What We Could Do If We Cared.
The nation’s homeless could be housed for $10 billion a year, less than the price of one aircraft carrier.
Washington, Ward 1 – “I wanna know where the $2.5 million is – that’s my reaction.” Muhsin Boe Luther Umar — or as we call him, Uncle Boe — throws his hands up and shakes his head. In his role as both Resident Council President at Garfield Terrace and D.C. Advisory Neighborhood Commission (ANC) 1B03 Member, he’s had more than his fair share of dealings with D.C. Housing Authority (DCHA). So I had asked him what his reaction was upon hearing about the recent audit of three DCHA contracts, which found nearly $1.4 million in wasted funds.
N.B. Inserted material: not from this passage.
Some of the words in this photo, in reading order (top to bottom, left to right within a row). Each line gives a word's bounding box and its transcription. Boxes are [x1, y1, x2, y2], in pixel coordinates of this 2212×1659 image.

“You’re talking $1.4, I’m talking about $2.5 million spent on one senior housing building,” he says. Back in 2018, D.C. is said to have spent $2.5 million on “weatherizing” improvements for Garfield Terrace, “$975,000 spent to keep the roof from leaking – it’s still leaking,” Boe says, pointing to the water stains on the ceiling. He went on:
That money was supposed to put new light fixtures in the building, which you don’t see. That money was supposed to redo the rooftop area. It wasn’t done. And solar panels that don’t work. And if it’s working, where’s that money going? There’s a monthly payout for solar programs – so where is that money? Or if it don’t work, why doesn’t it work? Where is the money?”
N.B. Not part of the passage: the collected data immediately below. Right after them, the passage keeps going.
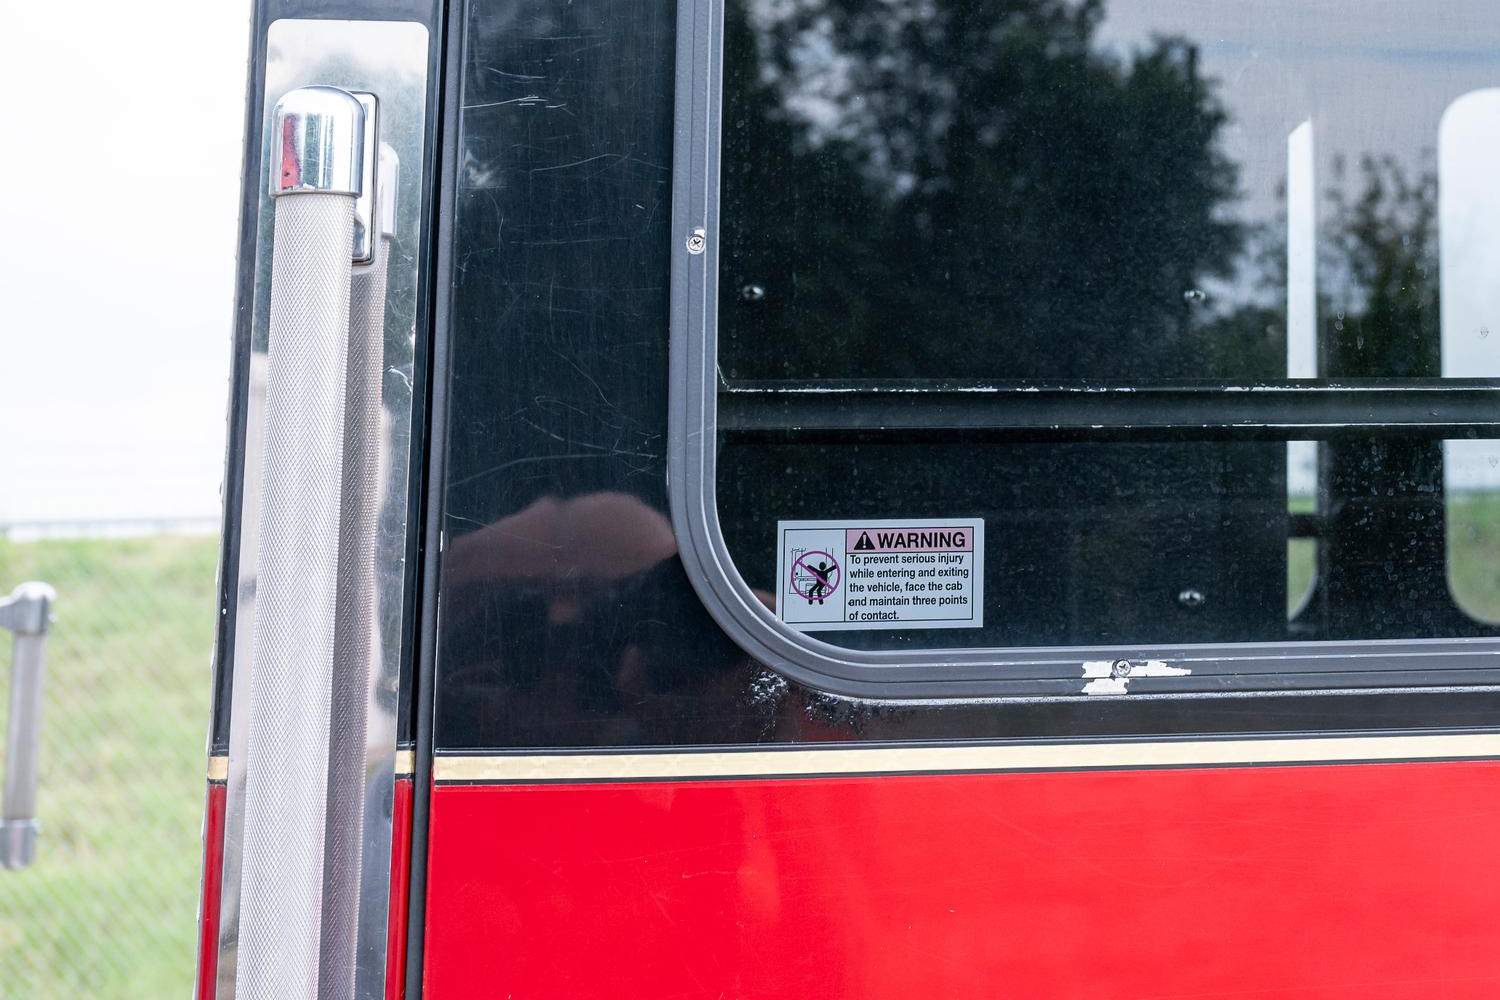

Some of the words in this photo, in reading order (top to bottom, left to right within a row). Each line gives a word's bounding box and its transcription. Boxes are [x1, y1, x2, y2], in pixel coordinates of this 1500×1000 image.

[877, 532, 965, 548] WARNING
[850, 555, 861, 564] To
[864, 555, 899, 566] prevent
[902, 554, 935, 563] serious
[938, 553, 964, 564] injury
[850, 569, 874, 578] while
[877, 569, 915, 580] entering
[918, 568, 935, 577] and
[938, 568, 968, 578] exiting
[850, 583, 864, 592] the
[867, 582, 903, 593] vehicle,
[905, 582, 926, 591] face
[928, 582, 942, 590] the
[945, 581, 962, 590] cab
[849, 596, 867, 606] and
[870, 596, 910, 606] maintain
[912, 596, 936, 605] three
[939, 595, 967, 606] points
[849, 611, 859, 620] of
[861, 610, 899, 620] contact.
We’re standing in the community room on the ninth floor of Garfield Terrace, a senior-citizen public housing building in D.C.’s Ward 1. Cans and boxes of non-perishable food sit ready to give out to residents. Art projects dot the tables and Boe buzzes from the newly painted kitchen to the seeding room to show me all the veggies, fruits and herbs getting ready for potting in the rooftop garden. On either side of the community room, spring is budding and blooming – from strawberries to lemon cucumbers to a ridiculously delicious tasting salad he has me try, chuckling at my wide-eyed reaction.
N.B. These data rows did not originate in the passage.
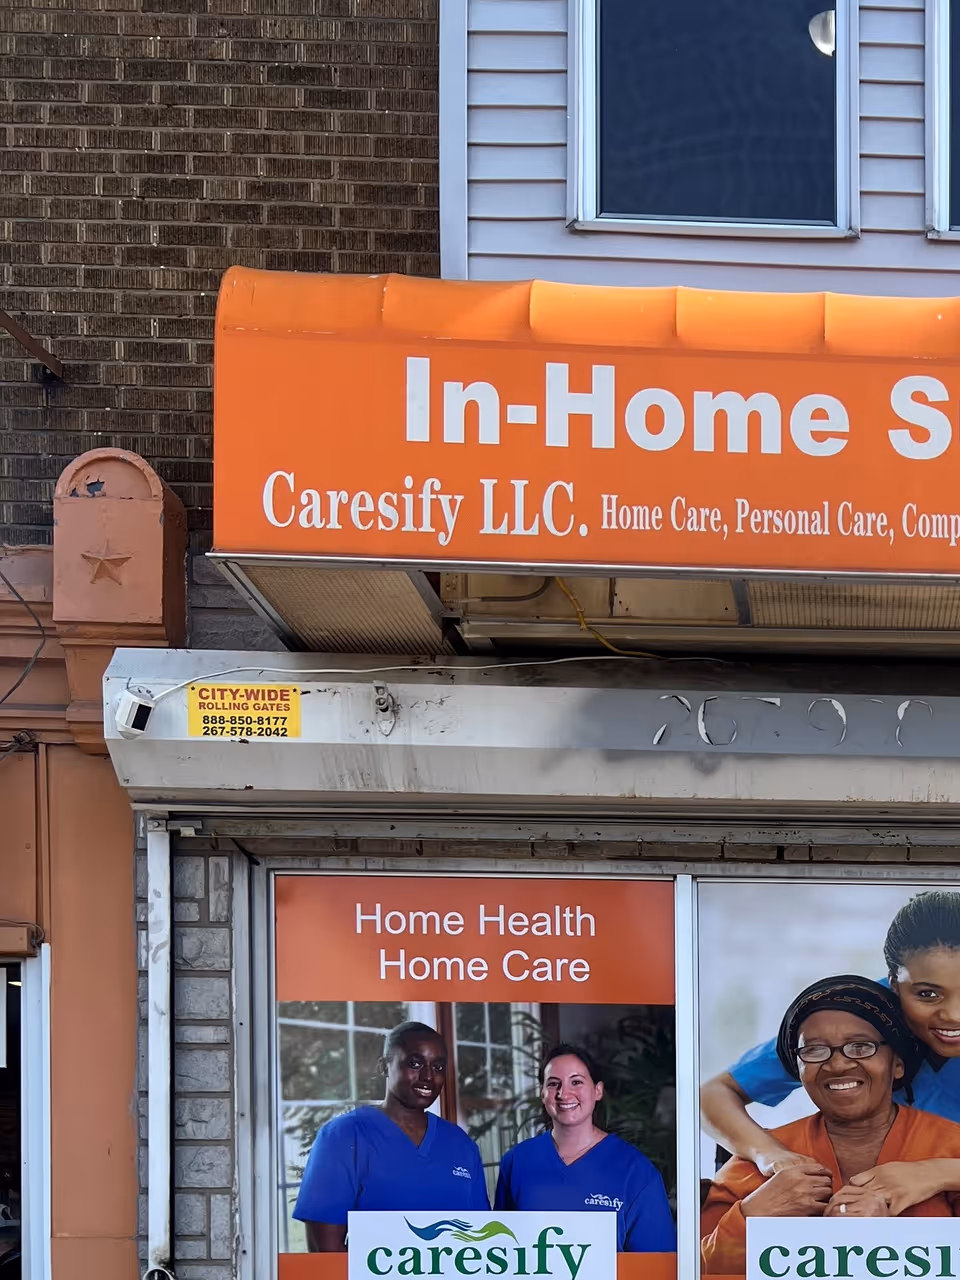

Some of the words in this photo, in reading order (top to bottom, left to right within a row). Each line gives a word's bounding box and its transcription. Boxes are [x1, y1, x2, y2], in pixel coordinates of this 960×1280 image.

[405, 356, 849, 458] In-Home
[262, 470, 464, 546] Caresify
[479, 479, 588, 537] LLC.
[601, 494, 663, 530] Home
[670, 496, 728, 540] Care,
[735, 498, 830, 535] Personal
[837, 501, 895, 545] Care,
[199, 688, 290, 701] CITY-WIDE
[199, 702, 249, 710] ROLLING
[253, 703, 290, 711] GATES
[203, 716, 287, 725] 888-850-8177
[203, 726, 288, 737] 267-578-2042
[355, 903, 464, 935] Home
[479, 905, 596, 936] Health
[380, 949, 488, 980] Home
[502, 950, 590, 982] Care
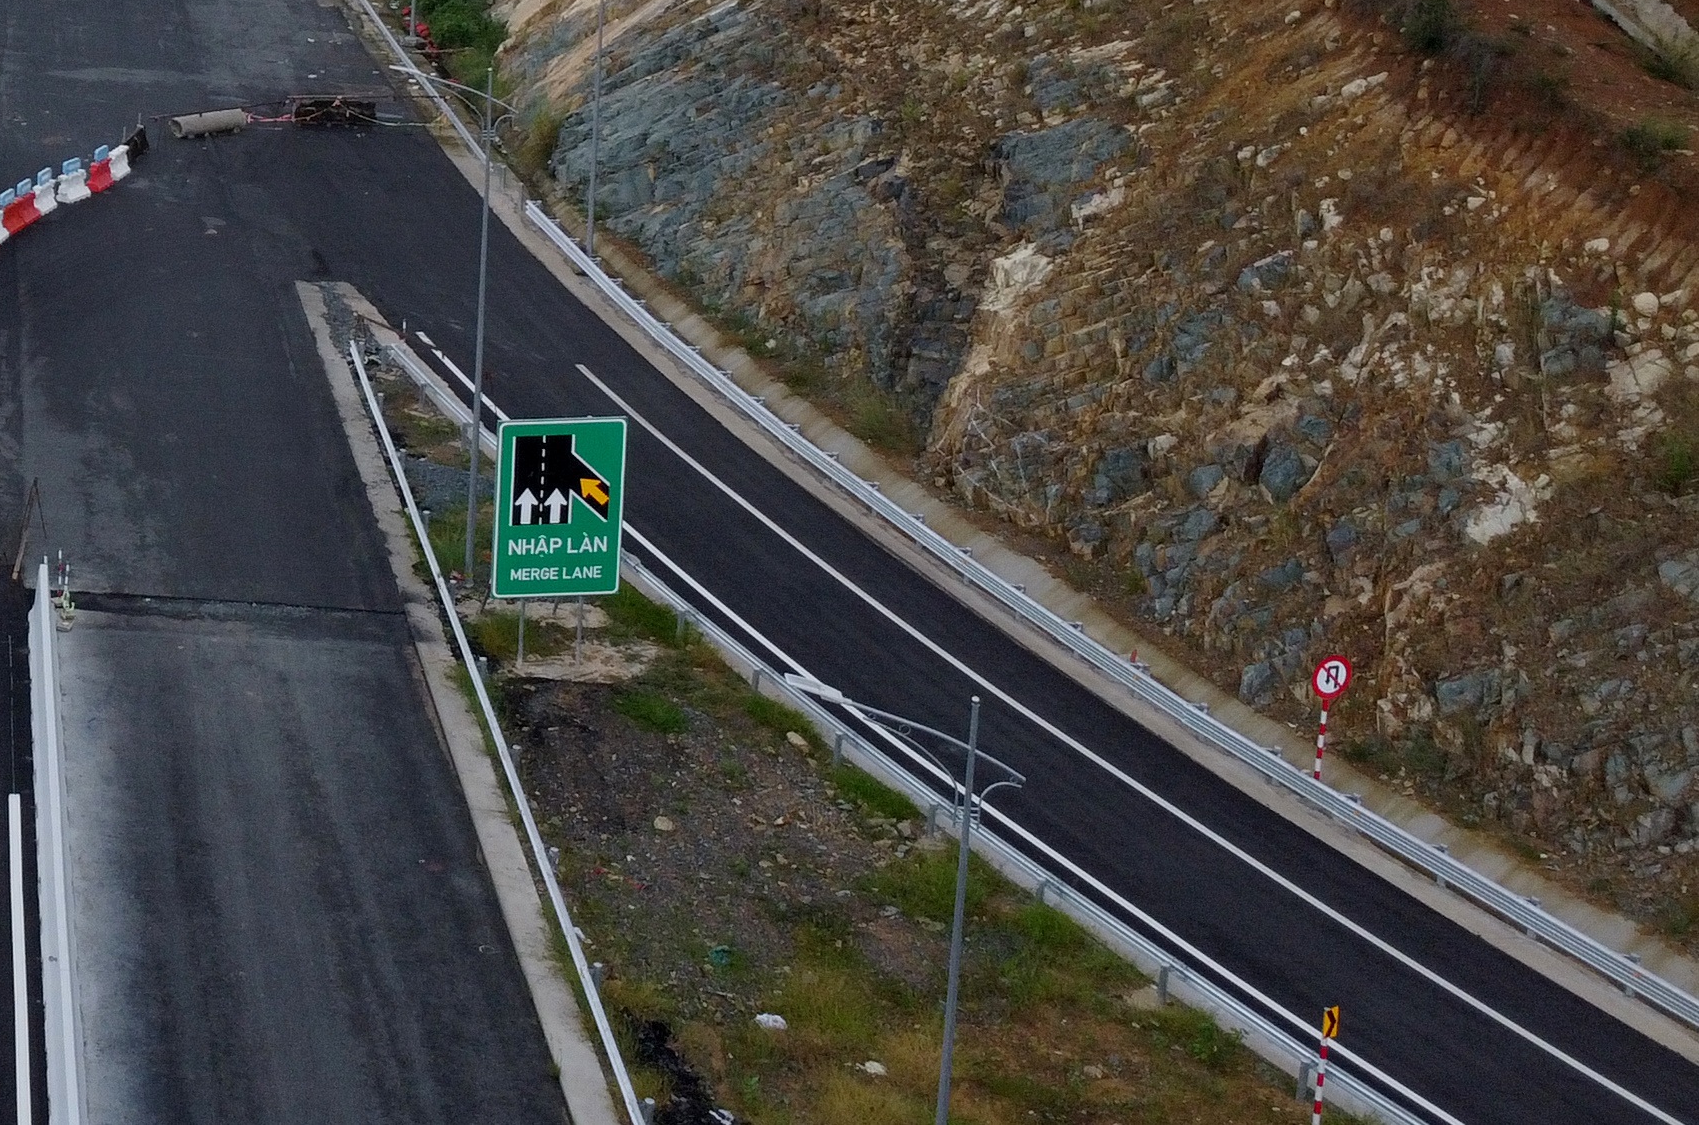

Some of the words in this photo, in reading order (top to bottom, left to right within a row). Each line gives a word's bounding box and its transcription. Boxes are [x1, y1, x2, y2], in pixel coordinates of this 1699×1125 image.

[508, 534, 562, 557] NHẬP
[567, 532, 608, 554] LÀN
[510, 567, 559, 581] MERGE
[562, 565, 602, 579] LANE
The rooftop is one of Boe’s many projects, along with making benches out of discarded shipping pallets, fine-tuning and improving the outdoor wheelchair accessible garden and hangout spot, and putting together new ideas for arts and crafts that the seniors can do to keep up their mental and physical acuity.
There’s also the COAN program, or “Check On A Neighbor,” which started soon after the pandemic and works just how it sounds: neighbors checking on neighbors to make sure needs are met, that folks are doing okay and have the resources and information they need to stay safe and healthy. Furthermore, with collaborative community partnerships, Boe estimates that some 60,000 meals have been served at Garfield Terrace. “And we served meals every day,” he says. This was something that DCHA was supposed to have a handle on, Boe says, but ended up failing miserably at. “They contracted with a company named Terrific Inc., which falsified signatures, making millions of dollars saying that they were doing stuff that wasn’t being done,” he tells me. Terrific Inc. eventually left the building, but theirs is just one of the many stories and ways in which DCHA has battled Boe and his plans.
Housing Authority with the attitude of a weed-whacker
Last year, DCHA locked residents out of the community room, barring access to the kitchen and rooftop garden. They’ve called the cops on Boe, claiming he was causing a disturbance at the building only to find out that he was hundreds of miles away in Alabama. Whoops. Meanwhile, in his glass house throwing stones, DCHA Executive Director Tyrone Garrett is in the crosshairs of a whistleblower lawsuit after a former employee claimed that she was fired last August for raising concerns that Garrett was “neglecting the health and safety of DCHA employees and residents, violating the terms of her contract, and protecting his ‘friends,’ who hold high ranking positions in DCHA.”
This wouldn’t come as much of a surprise to the folks at Garfield Terrace. On top of the improvements they’ve contracted for but that have yet to materialize, DCHA owes Garfield Terrace roughly $15,000 in supplies that they green-lit back in 2018 and that would have prepared the seniors for the onslaught of the pandemic.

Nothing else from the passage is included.